## WORK TASK
What the task requires is each entry, restated exactly.

## PROVIDED DATA
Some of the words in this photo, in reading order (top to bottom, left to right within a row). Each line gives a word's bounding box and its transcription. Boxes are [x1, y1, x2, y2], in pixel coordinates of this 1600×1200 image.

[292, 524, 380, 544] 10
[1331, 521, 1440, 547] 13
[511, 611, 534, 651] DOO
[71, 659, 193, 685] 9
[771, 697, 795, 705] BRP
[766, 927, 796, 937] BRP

## SOLUTION FOR THIS PROBLEM
Some of the words in this photo, in reading order (top to bottom, left to right within a row). Each line gives a word's bounding box and its transcription. Boxes are [x1, y1, x2, y2], in pixel coordinates of this 1600×1200 image.

[292, 524, 380, 544] 10
[1331, 521, 1440, 547] 13
[511, 611, 534, 651] DOO
[71, 659, 193, 685] 9
[771, 697, 795, 705] BRP
[766, 927, 796, 937] BRP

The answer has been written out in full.